Every now and then, I get the craving for an open-faced pita sandwich stuffed with fresh veggies and herbs. The first time I ever had one was at a family-owned restaurant in the middle of nowhere, but now I can make it whenever I want at home. While at first glance, it looks like a “lunch only” kind of meal, this delectable dish could be just as scrumptious for dinner.

The gyro is a Greek classic, usually made with spicy minced meat like lamb, beef, or chicken. Falafel gyro, on the other hand, was made with hungry vegetarians in mind. We’re talking fluffy falafel dressed with smooth tzatziki, crunchy lettuce, and tomato, all cradled by a warm pita. Every bite is both satisfying and refreshing.

Is Falafel Gyro Healthy?

With a balance of protein, carbs, and fiber, this is a pretty diverse meal that offers a lot of nutrients. That being said, some adjustments can be made for those with more specific dietary requirements. If needed, use gluten-free pita bread, or put the falafel in a Greek Bowl with quinoa or Steamed Rice instead. To make this dish dairy-free, use Vegan Tzatziki.

Where Does Falafel Come From?

Today, there are quite a few different versions of falafel, but its exact origin is a mystery. Some believe that it originated in Egypt, where Coptic Christians made it under the name ta’amiya. Wherever its birthplace, it has become a beloved dish in the Middle East and the Mediterranean. It’s likely that since chickpeas grew easily in these areas, falafel was one of the easiest dishes to make in abundance. We’re blessed to have a similar kind of fortune today, whether we grow our own chickpeas or not!

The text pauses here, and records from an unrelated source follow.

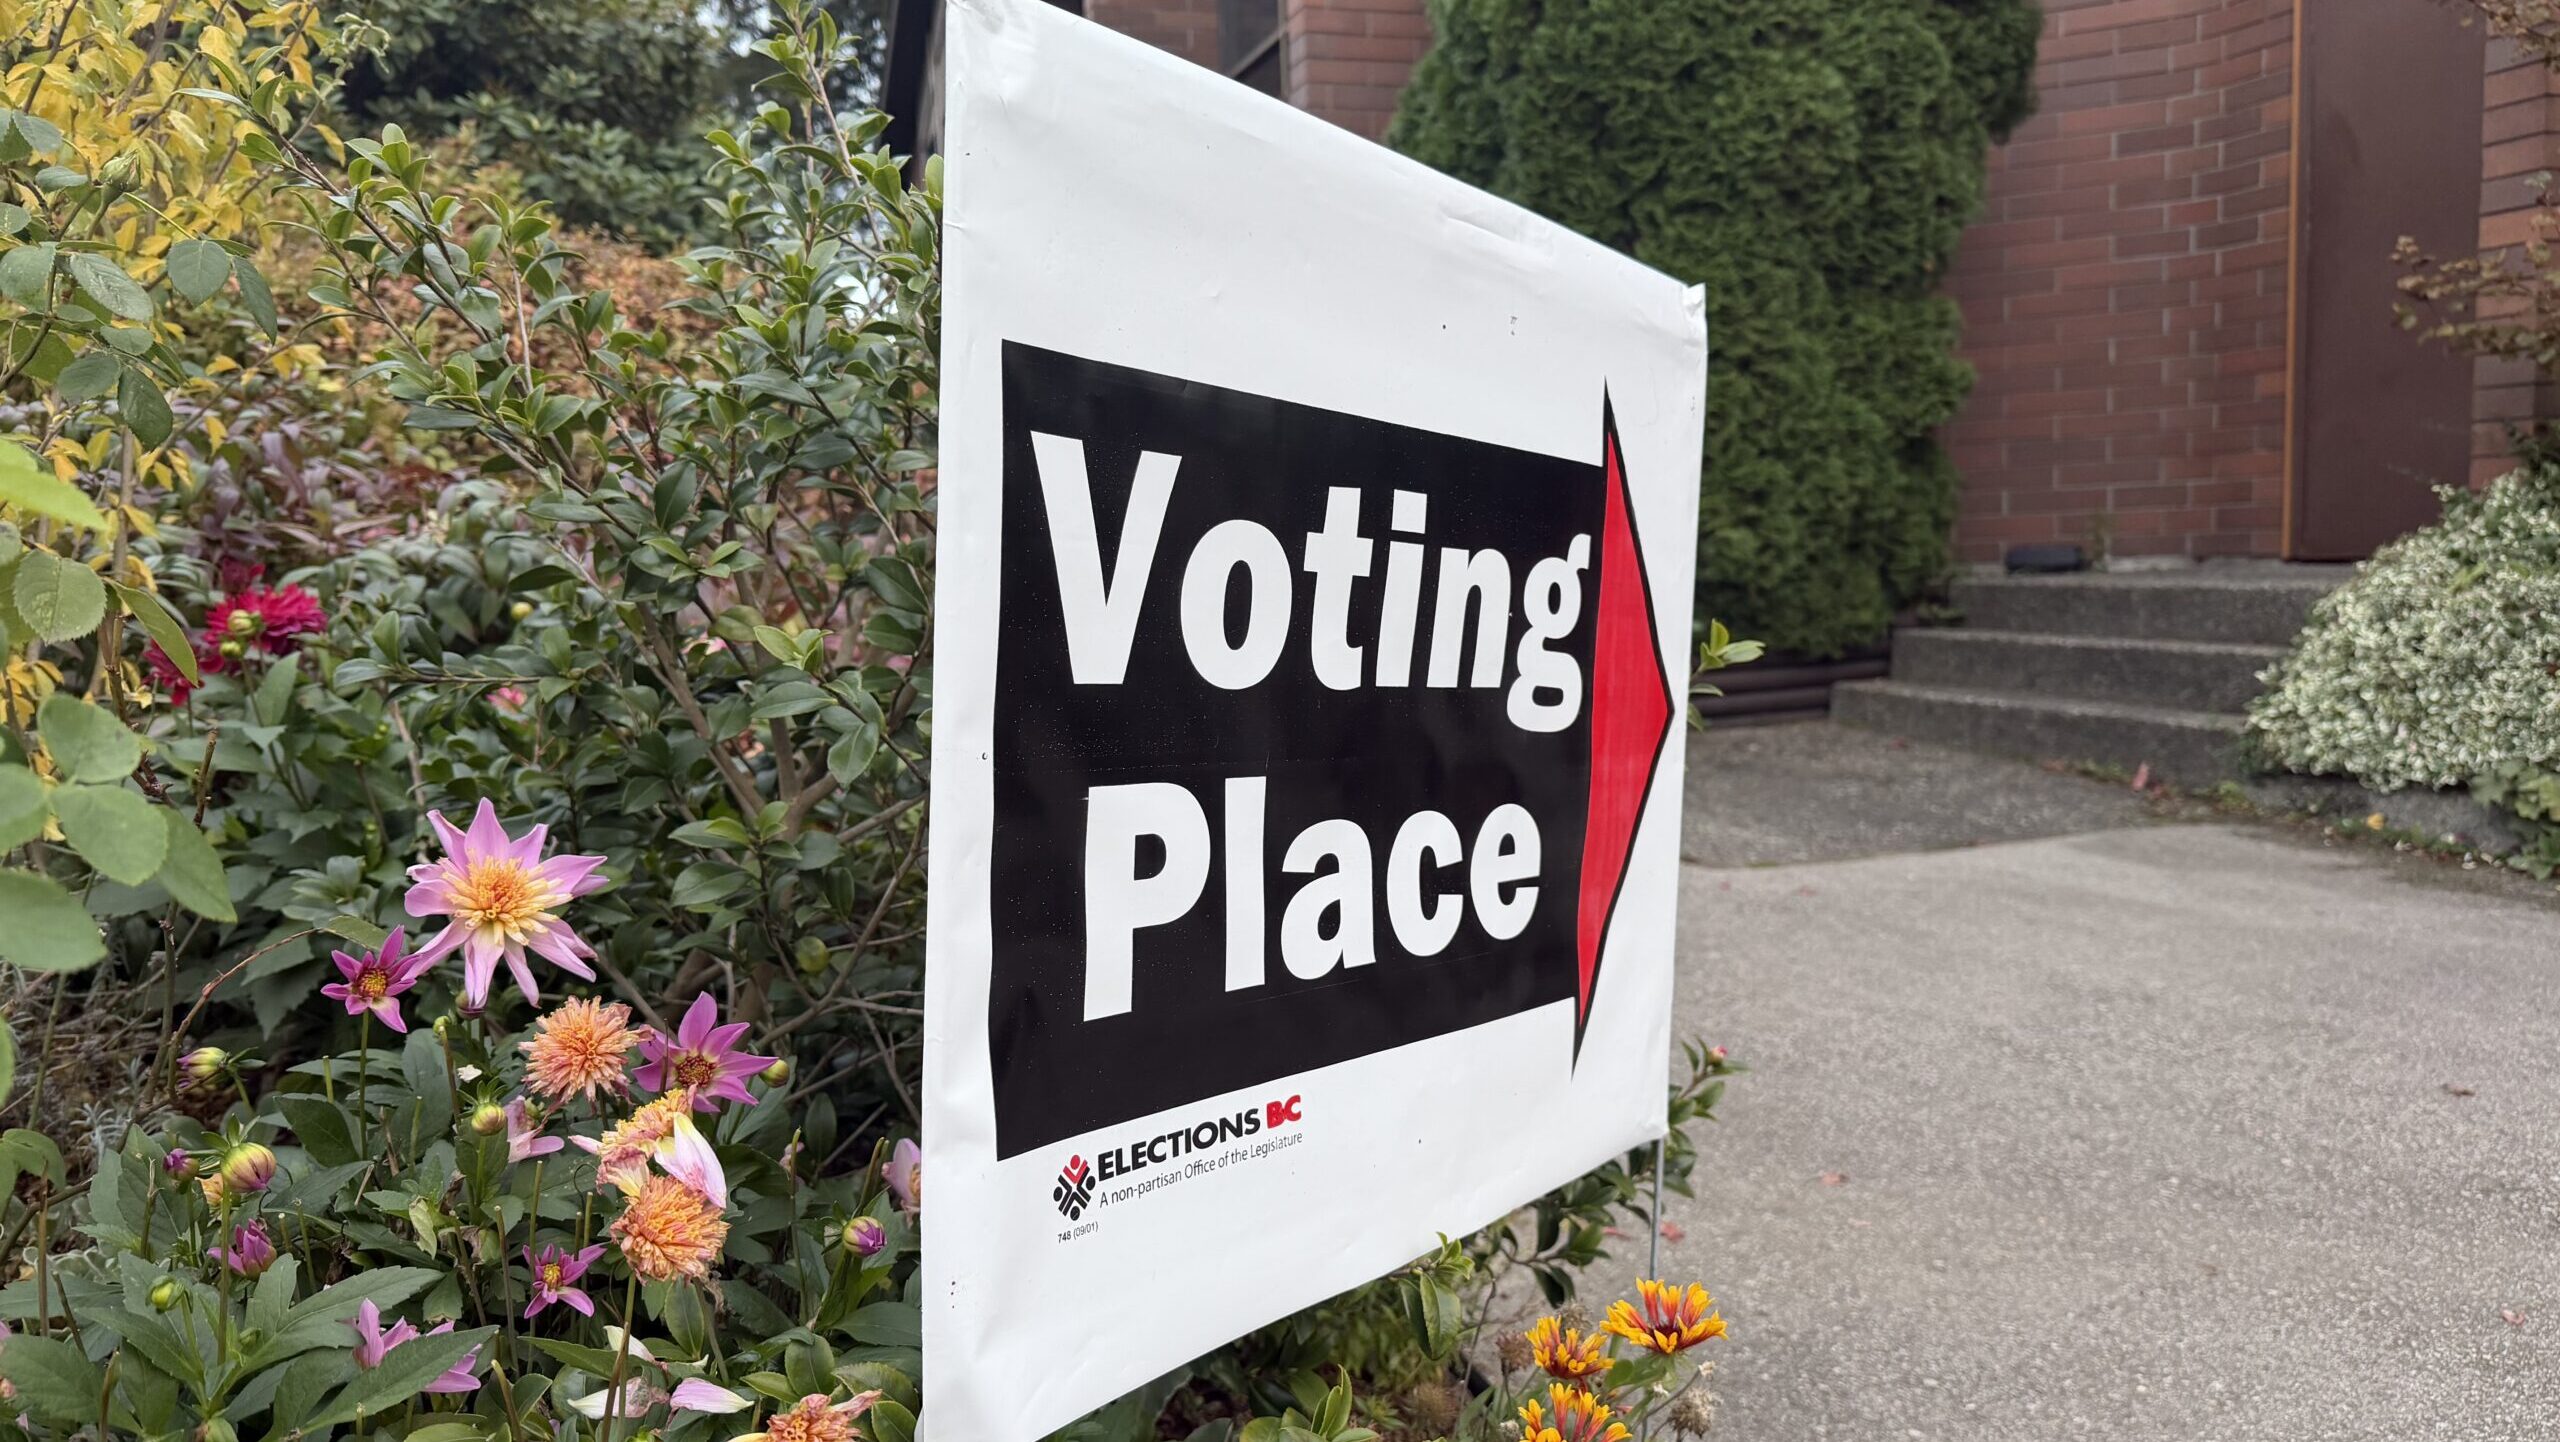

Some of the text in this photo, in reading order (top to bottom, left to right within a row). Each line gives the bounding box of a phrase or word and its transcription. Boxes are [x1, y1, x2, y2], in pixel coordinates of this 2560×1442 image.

[1030, 430, 1591, 733] Voting
[1083, 776, 1542, 1022] Place
[1098, 1094, 1302, 1182] ELECTIONS BC
[1100, 1132, 1303, 1208] A non-partisan Office of the Legislature
[1057, 1230, 1072, 1244] 748

How to make ahead and store

When making ahead, store each ingredient separately so nothing gets soggy. Put the falafel in an airtight container and keep in the fridge for up to 3 days. For longer storage, freeze them in a freezer bag for up to 3 months. Pita bread can usually be stored at room temperature in airtight containers or baggies, but keep an eye on it. You’ll want to use it within a week. Tzatziki will keep in an airtight container in the fridge for up to 4 days.

Serving Suggestions

Enjoy your falafel gyro with a side of Greek Fries. Alternatively, Oven-Roasted Lemon Potatoes offer a mix of tangy lemon and fresh herbs, which is a great complement to gyro spices and tzatziki. For more sweetness, try Butternut Squash Fries, Greek Chickpea Salad, Greek Healthy Broccoli Salad, or Greek Cucumber Salad.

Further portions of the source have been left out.